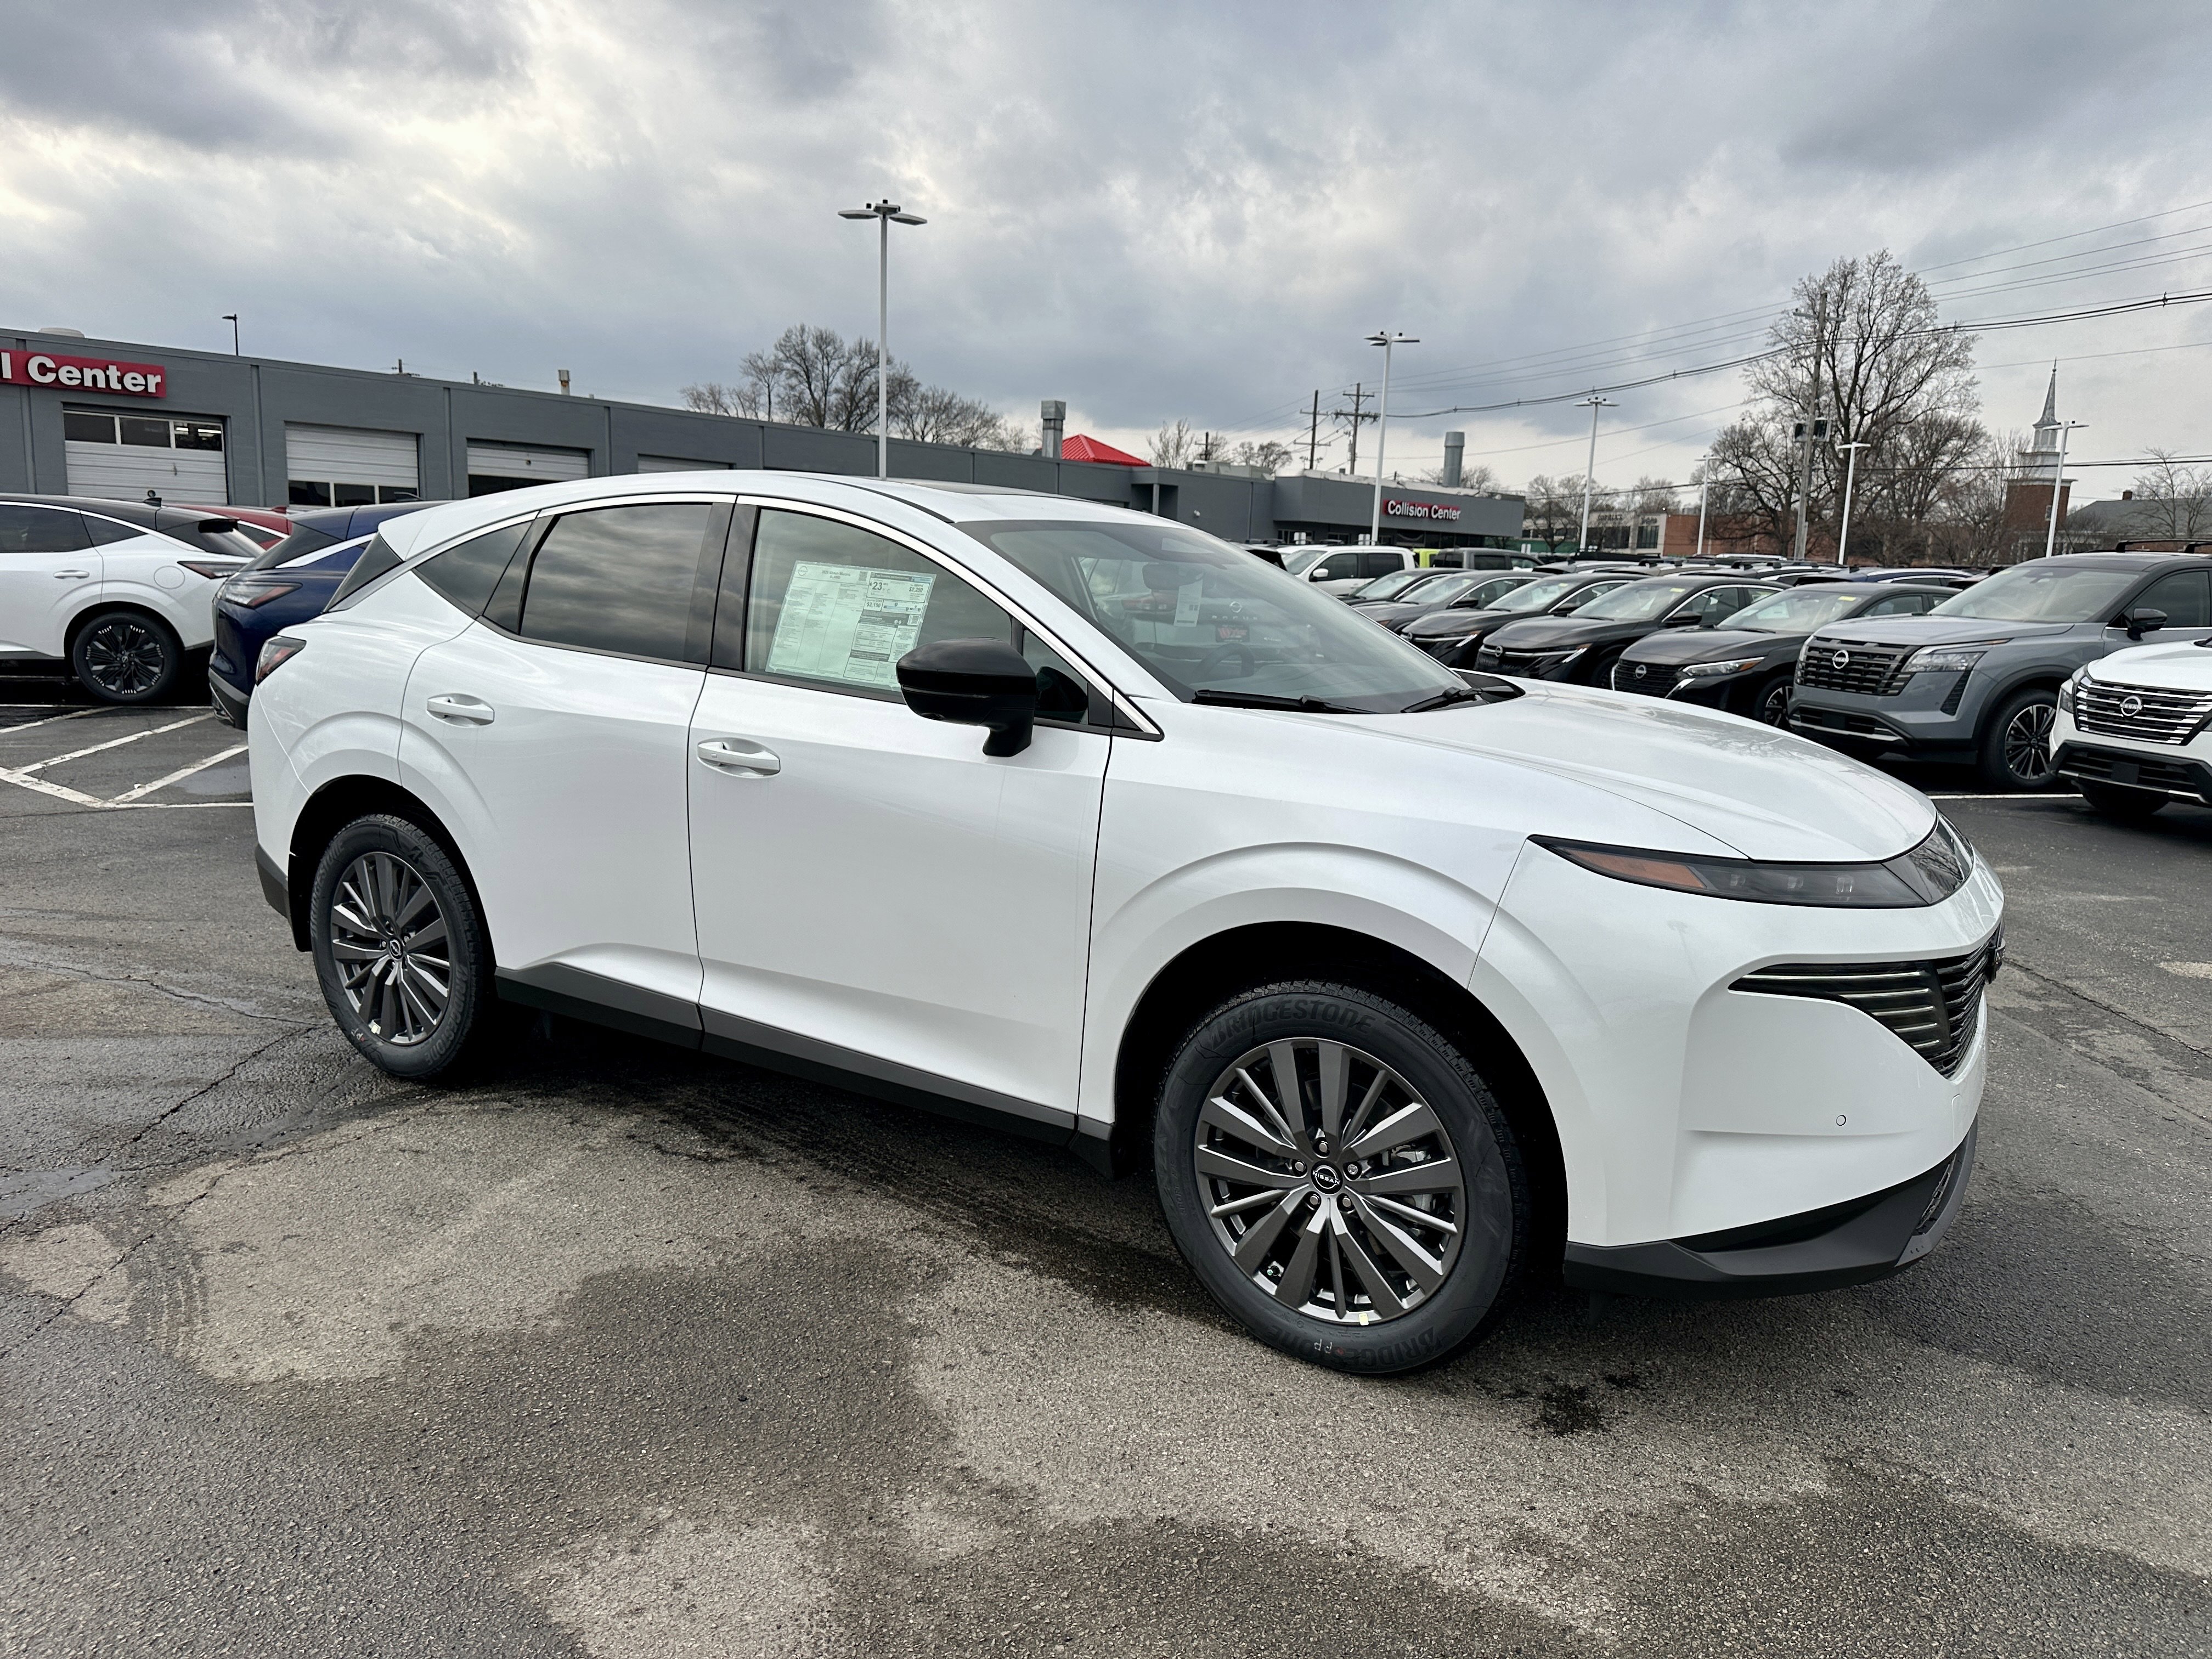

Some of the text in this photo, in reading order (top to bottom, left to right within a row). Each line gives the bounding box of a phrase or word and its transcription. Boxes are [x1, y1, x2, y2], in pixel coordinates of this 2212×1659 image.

[27, 356, 161, 393] Center
[1387, 500, 1462, 520] Collision Center
[872, 582, 883, 591] 23
[1209, 998, 1376, 1049] BRIDGESTONE
[1312, 1170, 1340, 1185] NISSAN
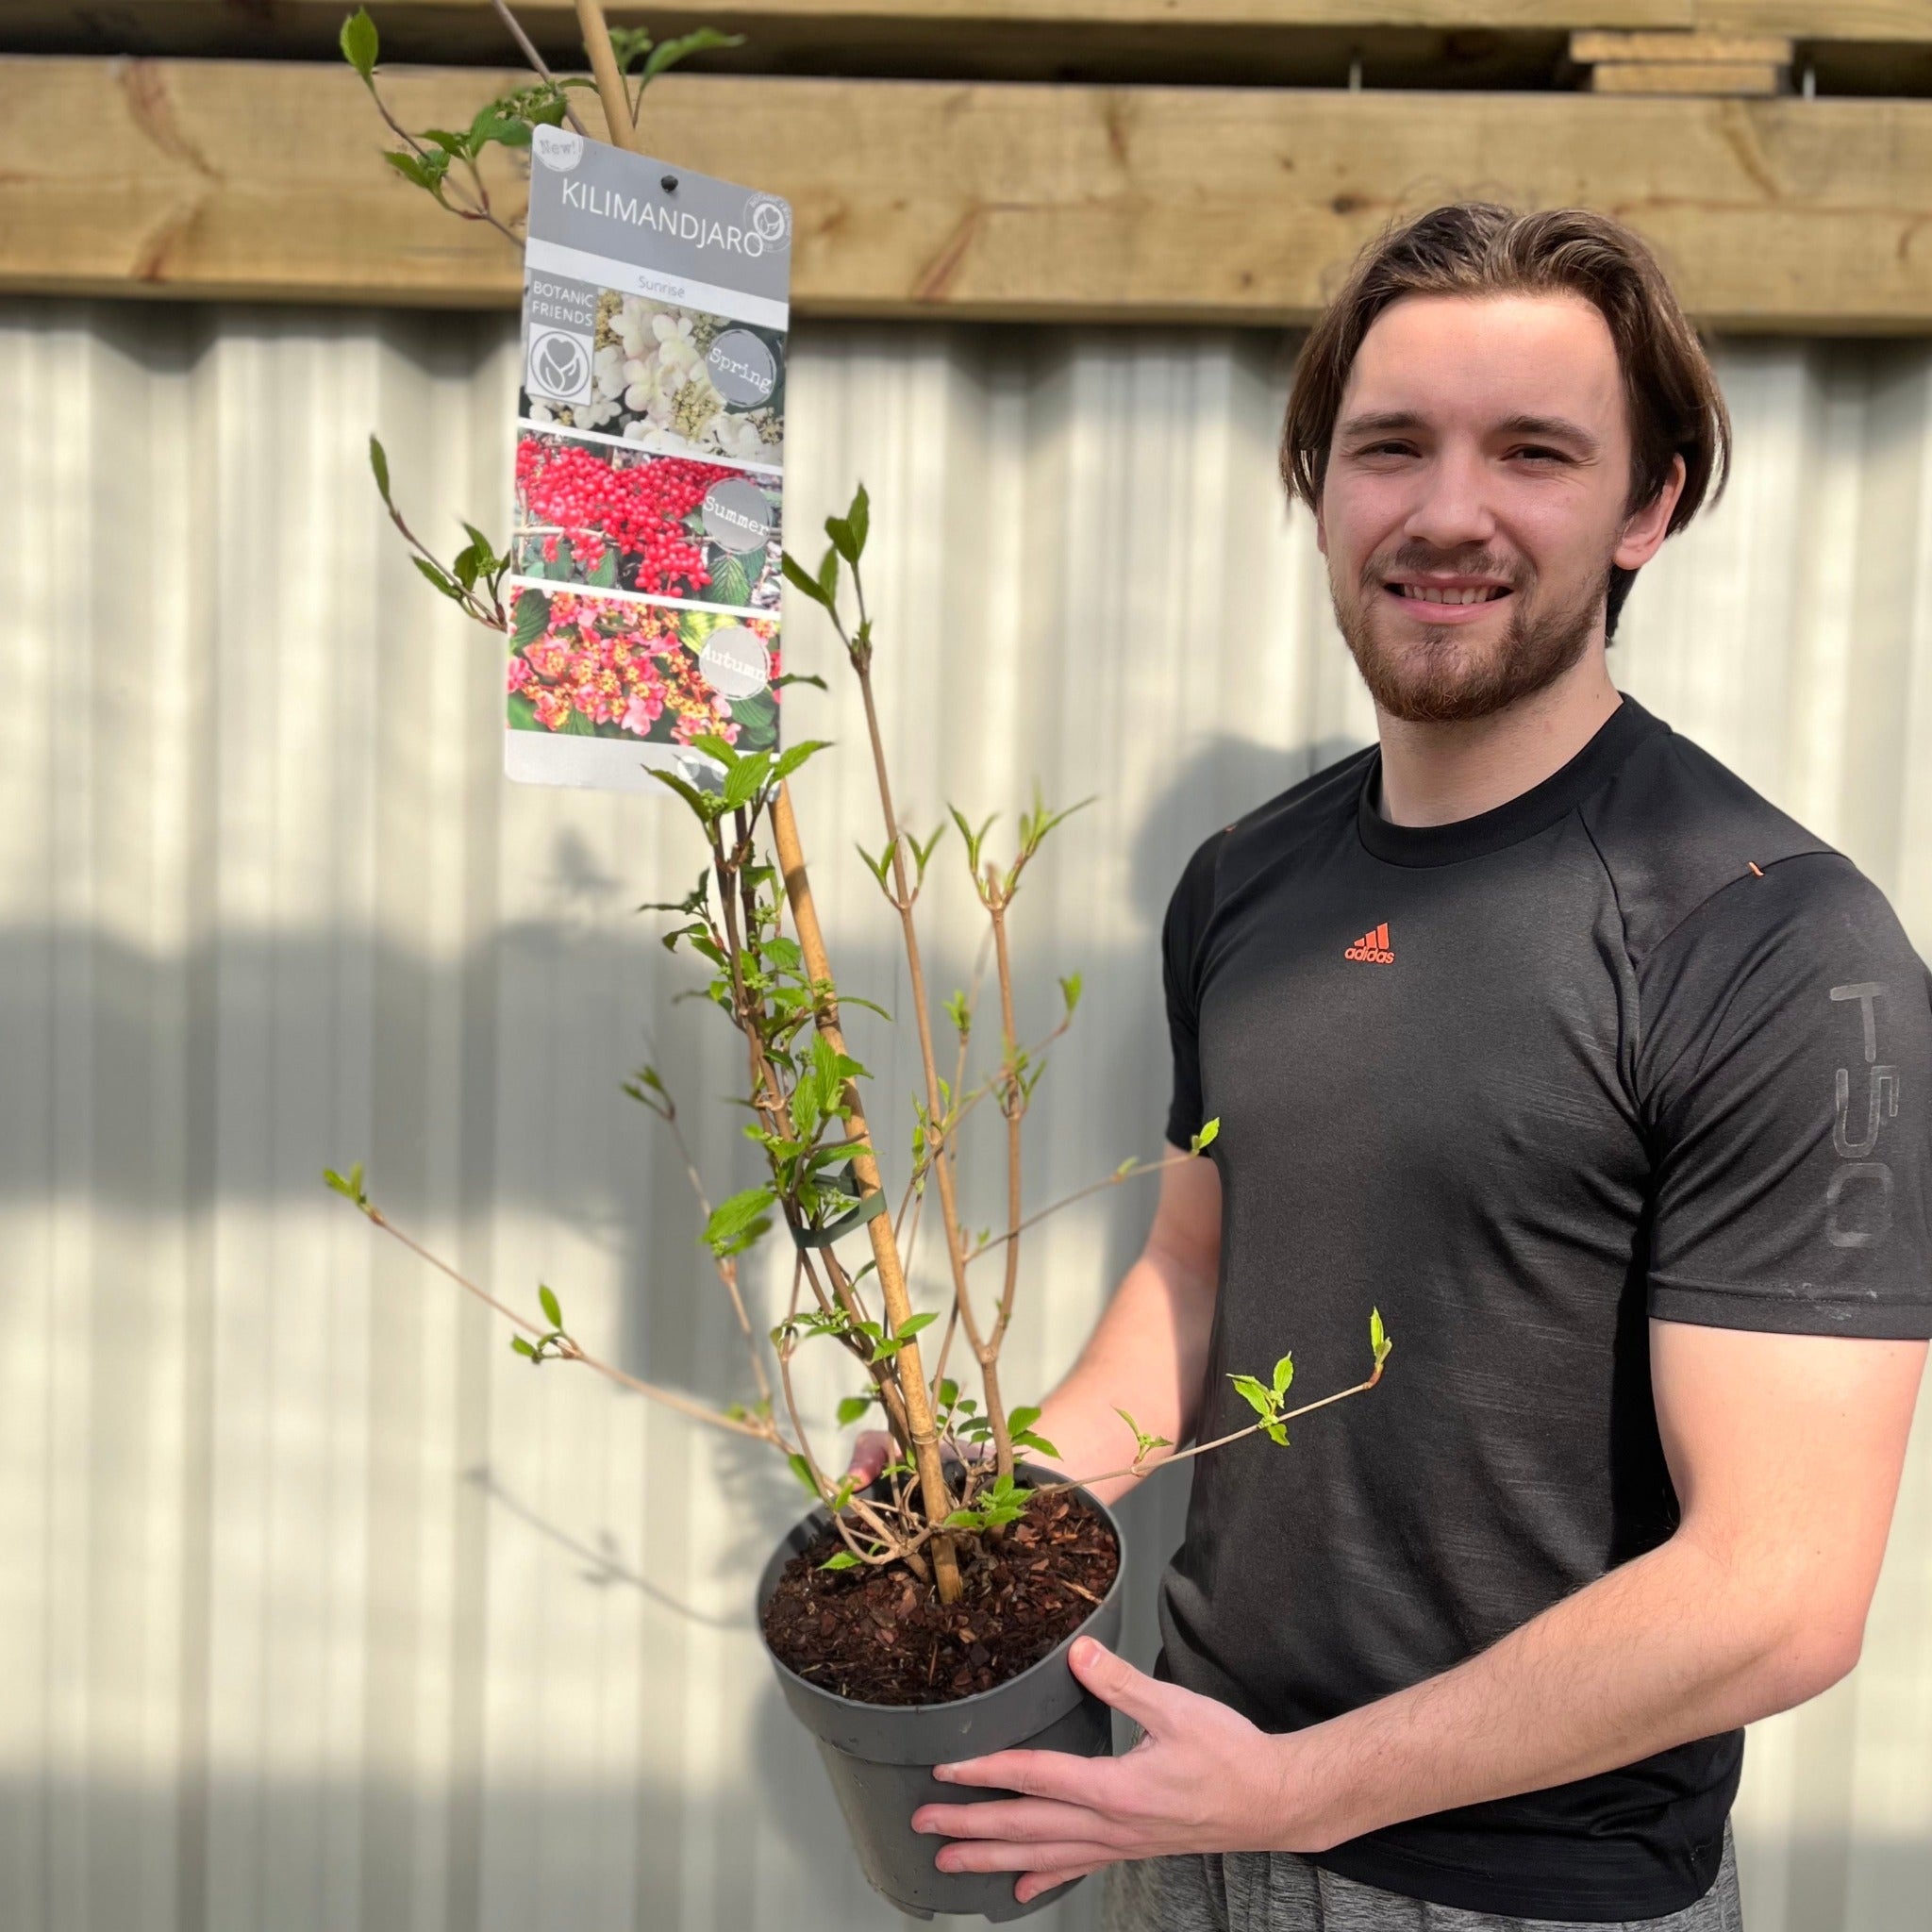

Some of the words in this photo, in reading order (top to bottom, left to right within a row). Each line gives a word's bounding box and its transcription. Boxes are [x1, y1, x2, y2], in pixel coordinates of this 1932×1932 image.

[562, 177, 763, 258] KILIMANDJARO
[533, 280, 594, 308] BOTANIC
[638, 275, 686, 298] Sunrise
[532, 300, 593, 327] FRIENDS
[709, 347, 773, 394] Spring
[703, 495, 770, 536] Summer
[700, 642, 766, 684] Autumn
[1344, 946, 1395, 964] adidas

Task objective: Word for word, return the material, omitting the pictures.

Answer below:
Some of the text in this photo, in reading order (top to bottom, left to right within a row). Each line gives the bounding box of a phrase or word and its transcription. Boxes are [x1, y1, x2, y2], in pixel coordinates of this 2212×1659 image.

[27, 356, 161, 393] Center
[1387, 500, 1462, 520] Collision Center
[872, 582, 883, 591] 23
[1209, 998, 1376, 1049] BRIDGESTONE
[1312, 1170, 1340, 1185] NISSAN

Some of the words in this photo, in reading order (top to bottom, left to right within a row). Each line gives a word's bounding box and its transcription. Boxes are [x1, y1, x2, y2], in pixel coordinates of this 1932×1932 image.

[562, 177, 763, 258] KILIMANDJARO
[533, 280, 594, 308] BOTANIC
[638, 275, 686, 298] Sunrise
[532, 300, 593, 327] FRIENDS
[709, 347, 773, 394] Spring
[703, 495, 770, 536] Summer
[700, 642, 766, 684] Autumn
[1344, 946, 1395, 964] adidas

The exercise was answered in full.